Para prepararlos, hay que poner aproximadamente un litro de agua en un cazo, añadir unos 12 gramos de sal y, opcionalmente, un pequeño chorro de vinagre. La sal ayuda a controlar mejor la cocción y el vinagre puede contribuir a debilitar ligeramente la cáscara, especialmente si aparece alguna pequeña grieta. No hay que poner mucho, porque el objetivo no es que el huevo coja gusto, sino facilitar el proceso.

Los huevos se deben introducir cuando el agua todavía no hierve. Esto evita un contraste inicial demasiado fuerte, que podría romper la cáscara o provocar una cocción desigual. Cuando el agua empieza a hervir, es el momento de contar unos doce minutos. Este tiempo permite que la clara quede completamente cuajada y que la yema mantenga una textura firme, pero sin ese color grisáceo que aparece cuando el huevo se cuece demasiado.

Durante estos minutos, conviene mantener un hervor suave. No es necesario que el agua se mueva con violencia, porque los huevos podrían chocar entre ellos o contra las paredes del cazo. Una vez pasado el tiempo, llega el paso más importante de toda la receta: retirarlos inmediatamente del agua caliente.

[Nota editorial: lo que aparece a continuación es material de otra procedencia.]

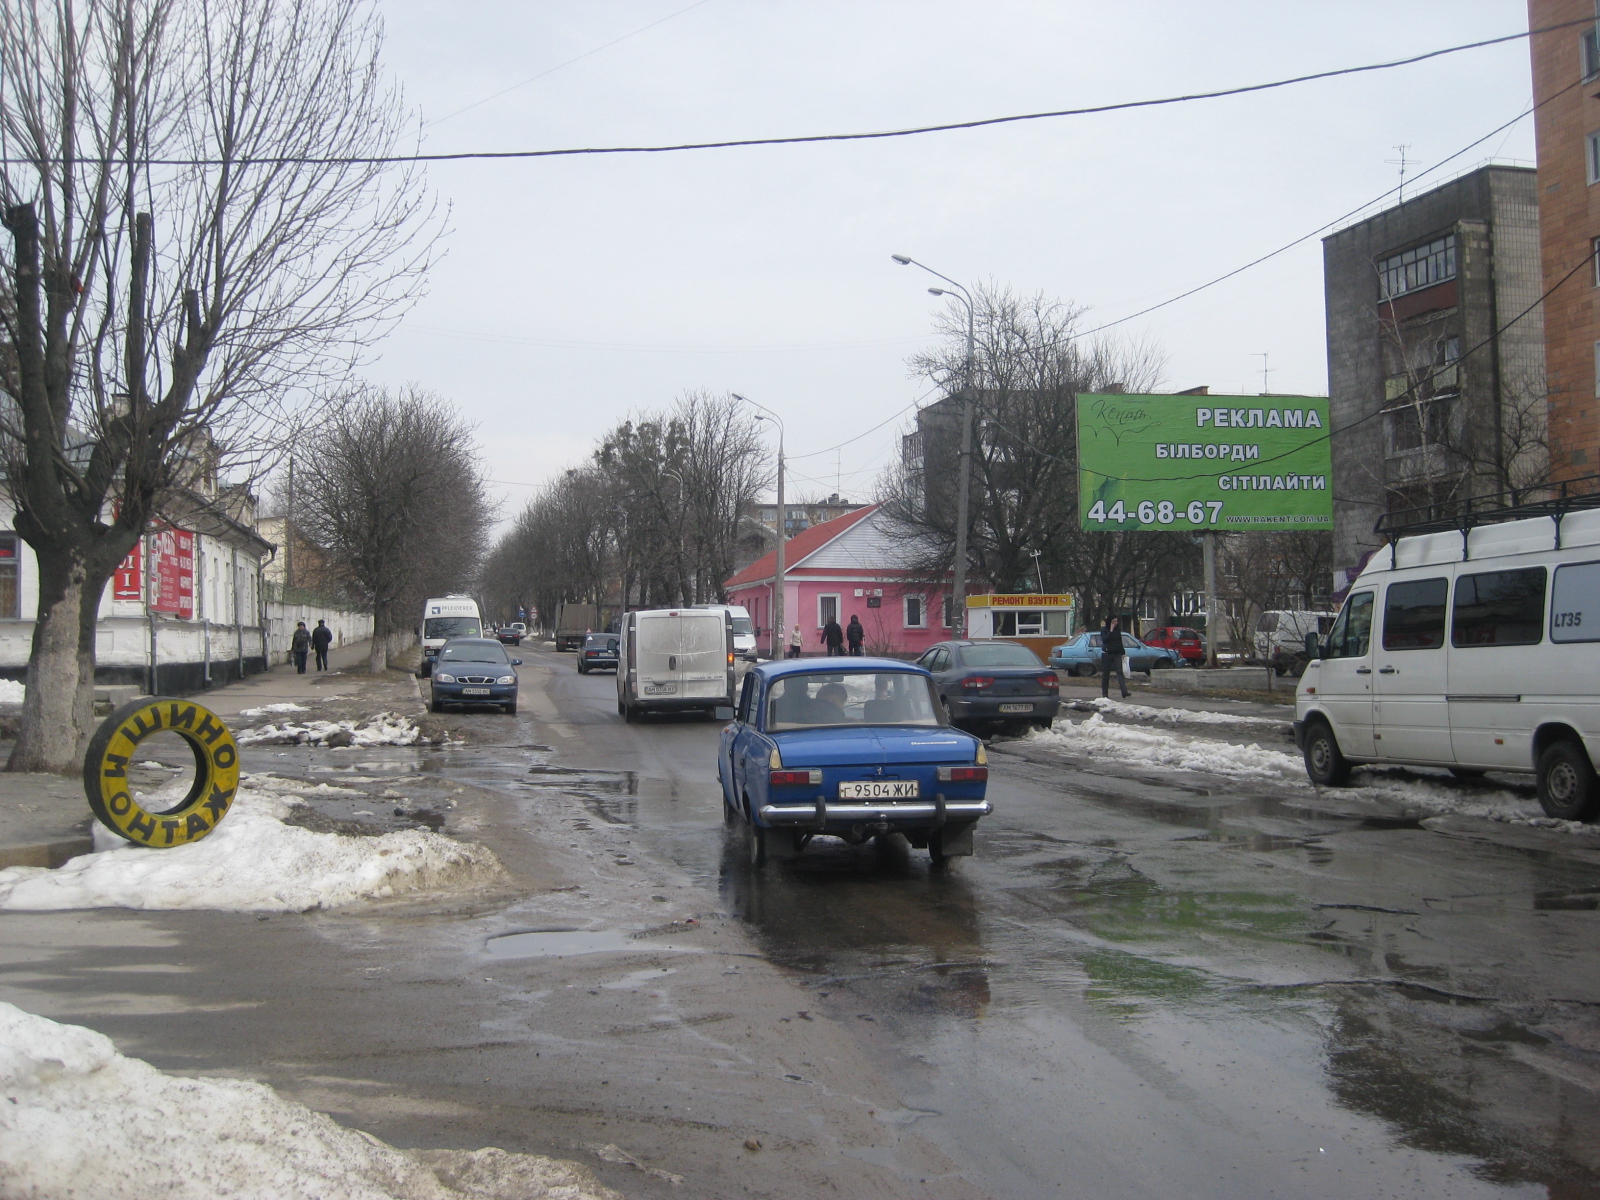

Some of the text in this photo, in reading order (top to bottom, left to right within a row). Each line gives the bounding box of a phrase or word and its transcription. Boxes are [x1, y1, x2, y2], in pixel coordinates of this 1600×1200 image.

Un remojo en frío hace que la cáscara se separe de la clara

Los huevos se deben pasar directamente a un bol con agua muy fría o con cubitos de hielo. Jordi Cruz insiste en que aquí es donde se produce el contraste decisivo. El cambio brusco de temperatura hace que el interior se contraiga ligeramente y que la membrana que hay bajo la cáscara se empiece a separar de la clara. Con dos o tres minutos dentro del agua fría ya puede ser suficiente, aunque se pueden dejar un poco más si se quiere detener completamente la cocción. Después solo hay que sacarlos, darles pequeños golpes por toda la superficie y empezar a pelarlos por la parte más ancha, donde acostumbra a haber una pequeña cámara de aire. Si el proceso se ha hecho bien, la cáscara se desprenderá en trozos grandes y la clara quedará lisa, sin arrancar ninguna parte.

La realidad es que pelar bien un huevo duro no depende de ningún truco extraño, sino de respetar la temperatura en cada momento. Entrada progresiva en el agua, doce minutos de cocción y enfriado inmediato. Este contraste controlado evita grietas, detiene la cocción y ayuda a separar la cáscara. Con esta técnica, los huevos quedan cocidos de manera uniforme y se pueden pelar casi sin esfuerzo.